| Work order |
Everything in the listing below has to be repeated exactly, except the pictures.

| Provided records |
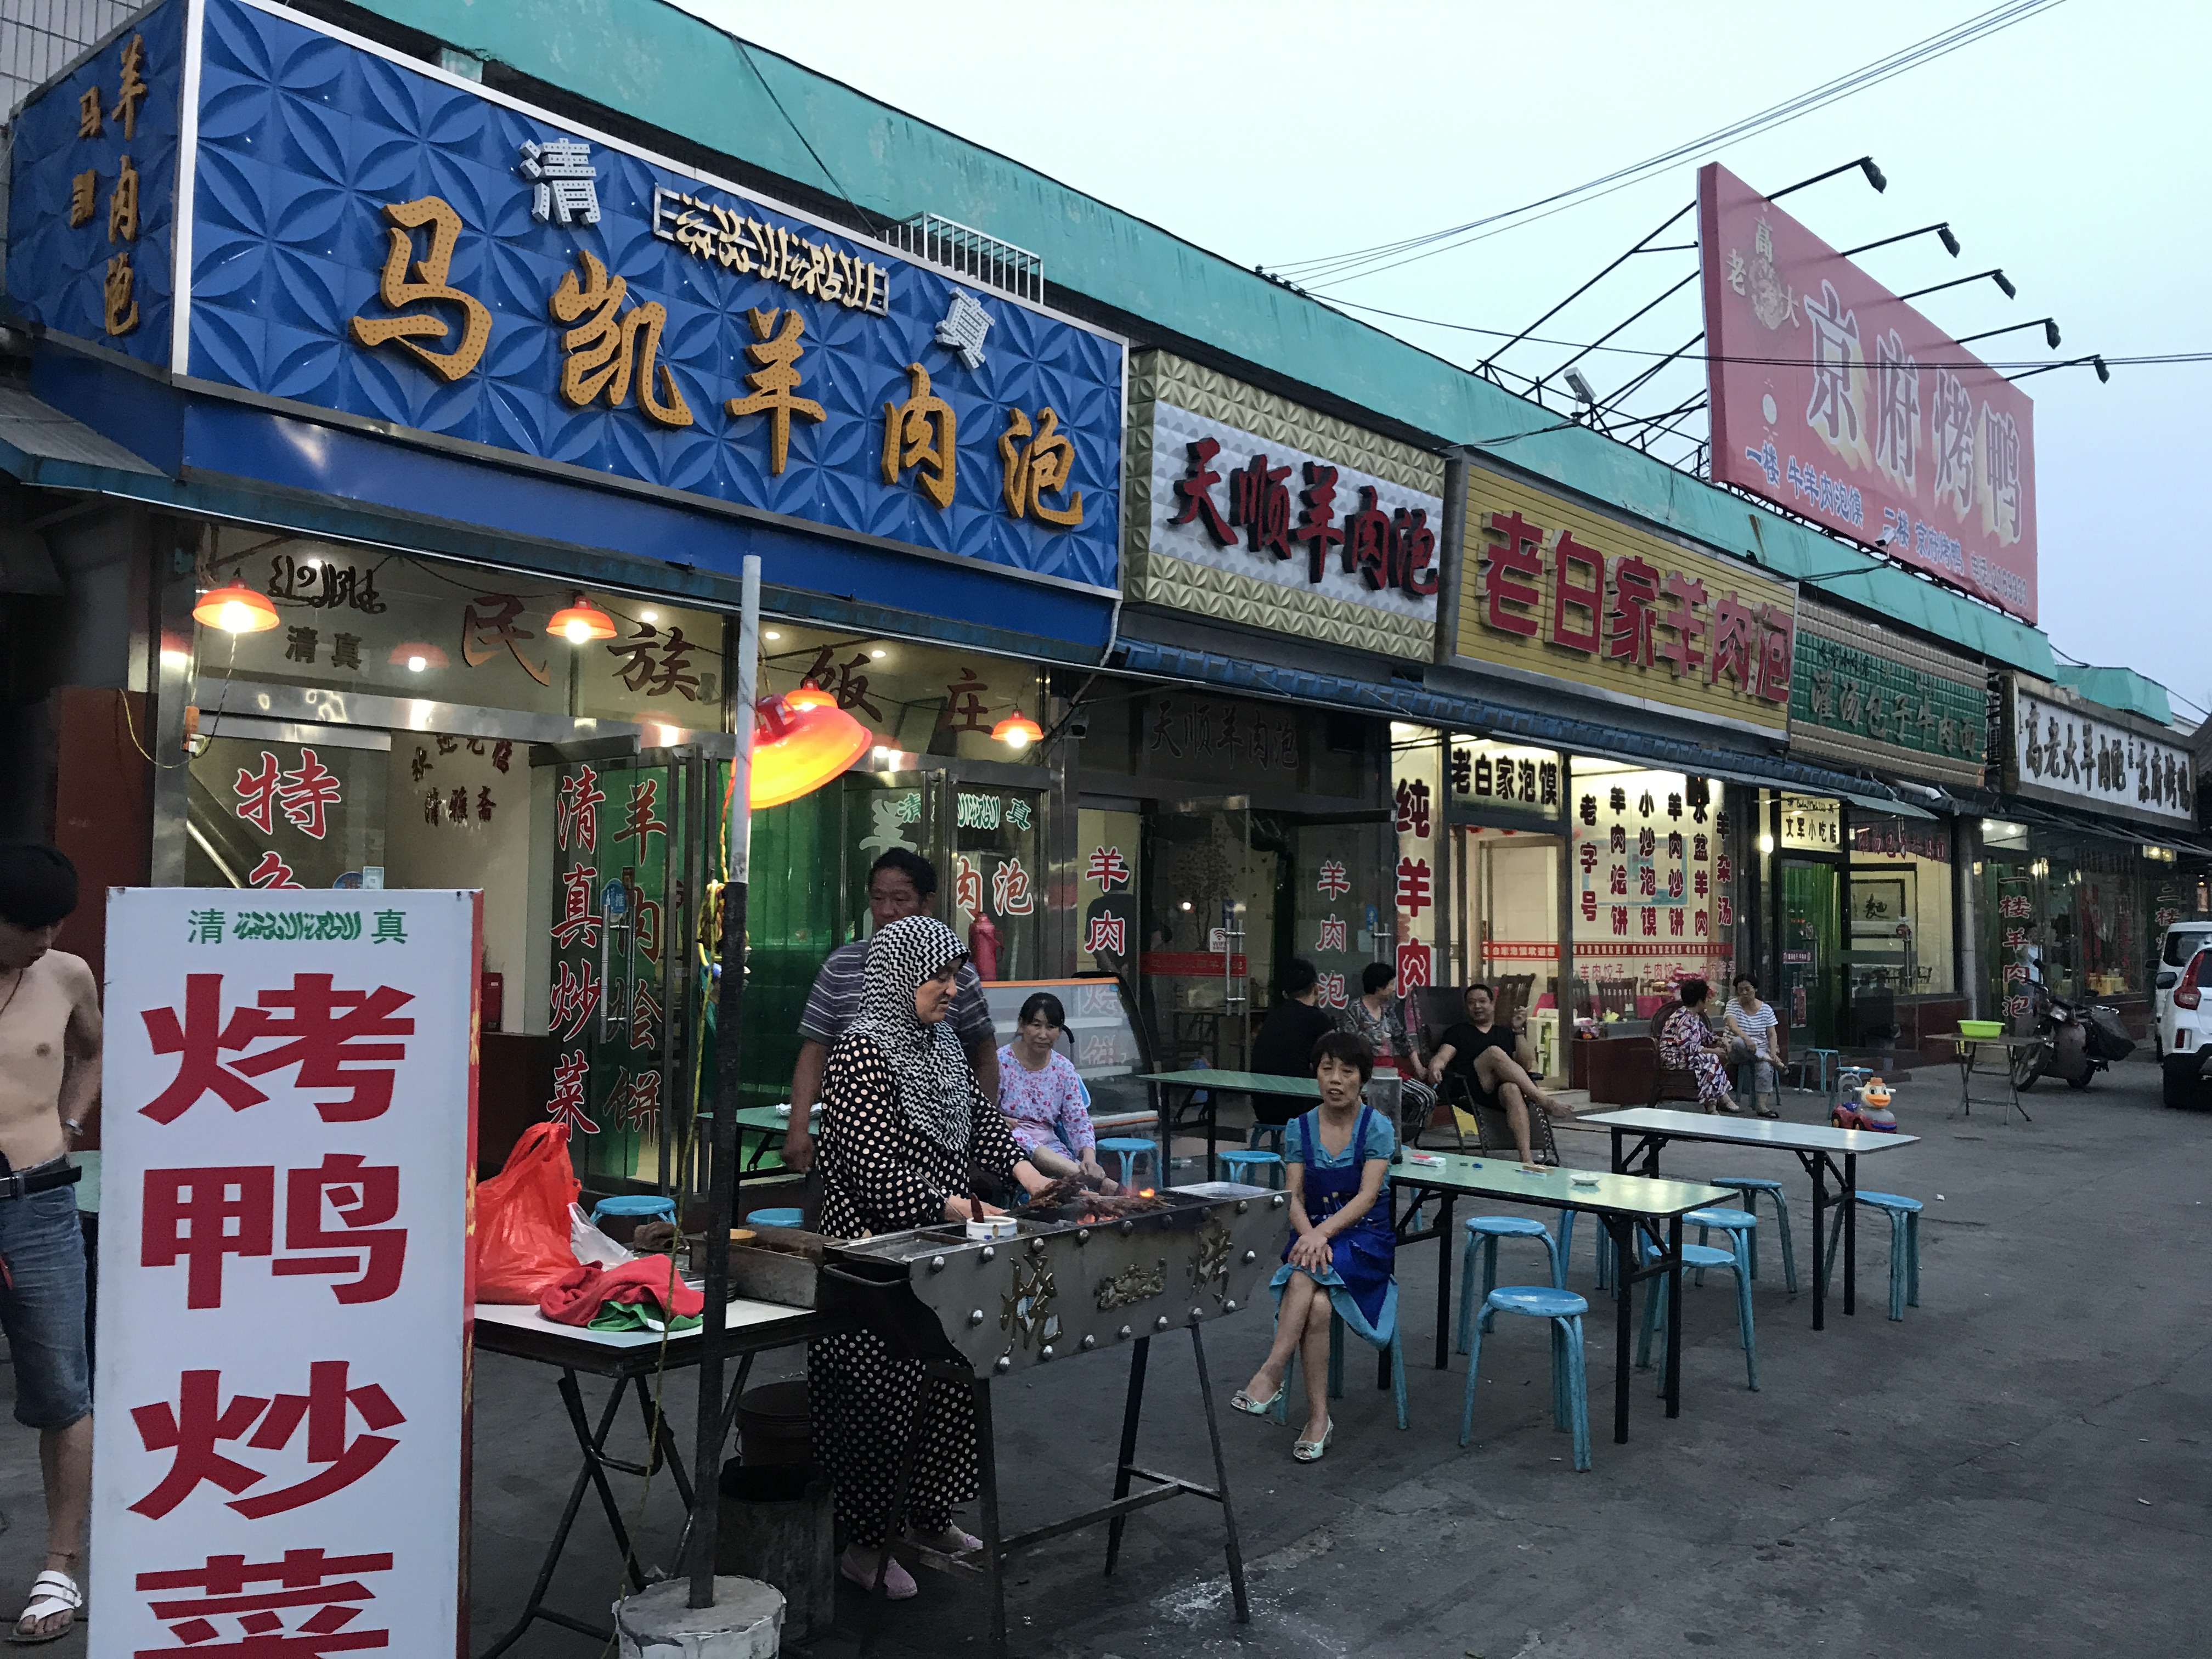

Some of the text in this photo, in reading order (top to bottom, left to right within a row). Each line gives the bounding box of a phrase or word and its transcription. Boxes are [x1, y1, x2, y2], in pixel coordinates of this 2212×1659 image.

[104, 34, 148, 336] 羊肉泡
[520, 138, 995, 369] 清 真
[1726, 215, 1801, 329] 高 老 大
[348, 195, 1084, 526] 马凯羊肉泡
[1804, 279, 2022, 544] 京府烤鸭
[1166, 437, 1438, 596] 天顺羊肉泡
[1745, 438, 1781, 490] 一楼
[1787, 456, 1864, 530] 牛羊肉泡馍
[1915, 520, 1965, 577] 京府烤鸭
[285, 625, 363, 670] 清真
[1476, 510, 1794, 705] 老白家羊肉泡
[1151, 699, 1300, 770] 天顺羊肉泡
[1451, 747, 1558, 805] 老白家泡馍
[1006, 798, 1031, 831] 真
[1579, 793, 1598, 922] 老字号
[1610, 784, 1628, 936] 羊肉烩饼
[1639, 789, 1657, 937] 小炒泡馍
[1667, 792, 1684, 936] 羊肉炒饼
[1716, 811, 1733, 926] 羊杂汤
[187, 908, 409, 945] 清 真
[547, 764, 606, 1141] 清真炒菜
[1316, 859, 1351, 1009] 羊肉泡
[1395, 777, 1432, 1000] 纯羊肉
[1999, 876, 2032, 1018] 一楼羊肉泡
[1580, 963, 1624, 983] 羊肉饺子
[126, 973, 417, 1659] 烤鸭炒菜

| Response area |
Some of the text in this photo, in reading order (top to bottom, left to right within a row). Each line gives the bounding box of a phrase or word and its transcription. Boxes are [x1, y1, x2, y2], in pixel coordinates of this 2212×1659 image.

[104, 34, 148, 336] 羊肉泡
[520, 138, 995, 369] 清 真
[1726, 215, 1801, 329] 高 老 大
[348, 195, 1084, 526] 马凯羊肉泡
[1804, 279, 2022, 544] 京府烤鸭
[1166, 437, 1438, 596] 天顺羊肉泡
[1745, 438, 1781, 490] 一楼
[1787, 456, 1864, 530] 牛羊肉泡馍
[1915, 520, 1965, 577] 京府烤鸭
[285, 625, 363, 670] 清真
[1476, 510, 1794, 705] 老白家羊肉泡
[1151, 699, 1300, 770] 天顺羊肉泡
[1451, 747, 1558, 805] 老白家泡馍
[1006, 798, 1031, 831] 真
[1579, 793, 1598, 922] 老字号
[1610, 784, 1628, 936] 羊肉烩饼
[1639, 789, 1657, 937] 小炒泡馍
[1667, 792, 1684, 936] 羊肉炒饼
[1716, 811, 1733, 926] 羊杂汤
[187, 908, 409, 945] 清 真
[547, 764, 606, 1141] 清真炒菜
[1316, 859, 1351, 1009] 羊肉泡
[1395, 777, 1432, 1000] 纯羊肉
[1999, 876, 2032, 1018] 一楼羊肉泡
[1580, 963, 1624, 983] 羊肉饺子
[126, 973, 417, 1659] 烤鸭炒菜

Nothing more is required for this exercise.